Abstracts

Rationale: XEN1101 is a novel, small molecule, selective KCNQ2/3 (Kv7.2/7.3) potassium channel positive allosteric modulator being developed for the treatment of focal onset seizures and major depressive disorder. Its pharmacokinetic properties support once daily oral dosing without the need for titration at initiation of dosing or tapering at termination of dosing. In vitro CYP experiments suggest a low potential for drug-drug interactions.
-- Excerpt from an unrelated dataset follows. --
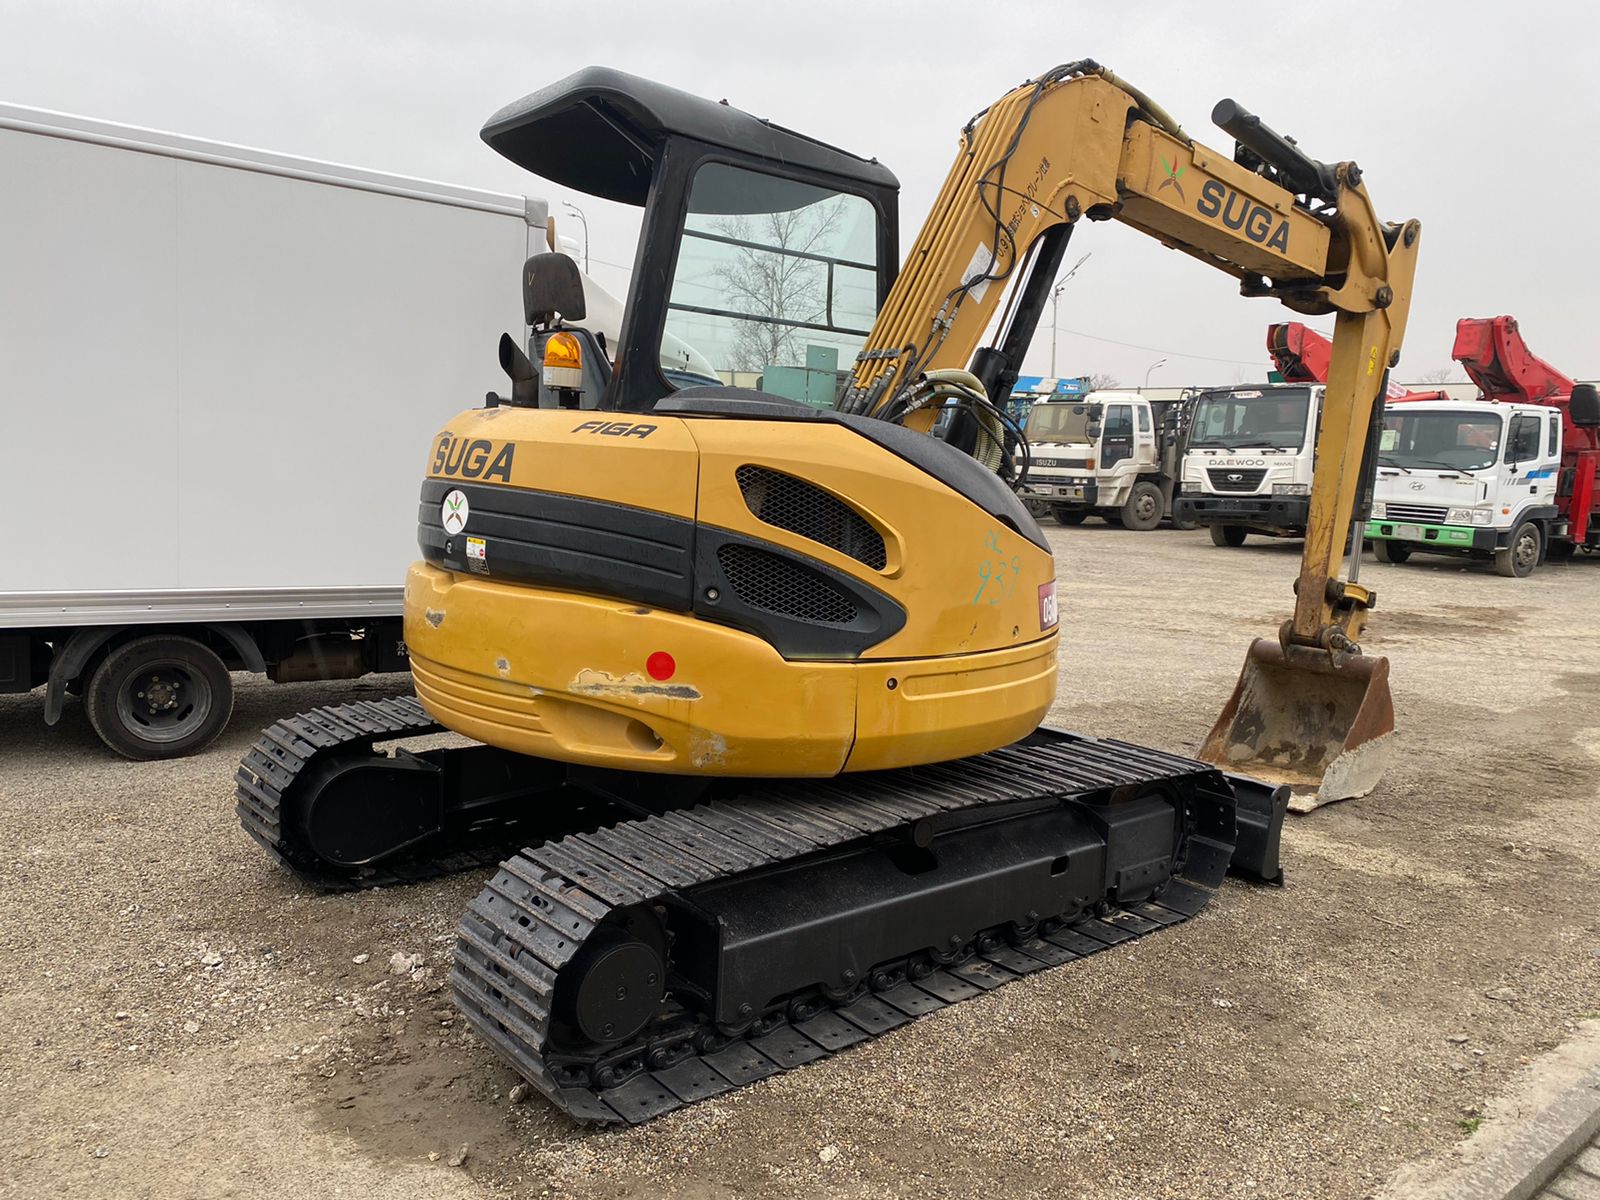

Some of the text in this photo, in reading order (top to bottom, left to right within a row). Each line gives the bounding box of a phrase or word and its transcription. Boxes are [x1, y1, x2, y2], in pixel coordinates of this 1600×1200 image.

XEN1101 demonstrates higher in vitro and in vivo potency compared to the first generation Kv7.2-7.5 opener, ezogabine, and lacks the chemical properties that could form pigmented dimers. 

XEN1101 has been evaluated in a Phase I clinical study and in a companion pharmacodynamic crossover study using transcranial magnetic stimulation. These data demonstrated that dosing up to 25 mg QD was generally well tolerated in healthy volunteers, reduced cortical excitability, and demonstrated a strong pharmacokinetic/pharmacodynamic relationship. We now report baseline and preliminary data from X-TOLE, a Phase 2b study that was recently completed.

Methods: X-TOLE is a Phase 2b randomized, double-blind, placebo-controlled, dose-ranging, multicenter study with an optional 3-year open-label extension (OLE). X-TOLE studied clinical efficacy, safety, and tolerability of XEN1101 administered as adjunctive treatment in adults with focal epilepsy. Additional eligibility criteria include ≥4 countable focal seizures per month recorded with an eDiary during an 8-week baseline period, while receiving stable treatment with 1-3 antiseizure medications (ASMs). Subjects were randomized to one of three active treatment groups or placebo in a 2:1:1:2 ratio (XEN1101 25 mg: 20 mg: 10 mg: placebo). The double-blind treatment period lasted 8 weeks. The primary endpoint is percent change in monthly focal seizure frequency from baseline to double-blind period. Secondary endpoints include 50% response rates and Clinical Global Impression of Change.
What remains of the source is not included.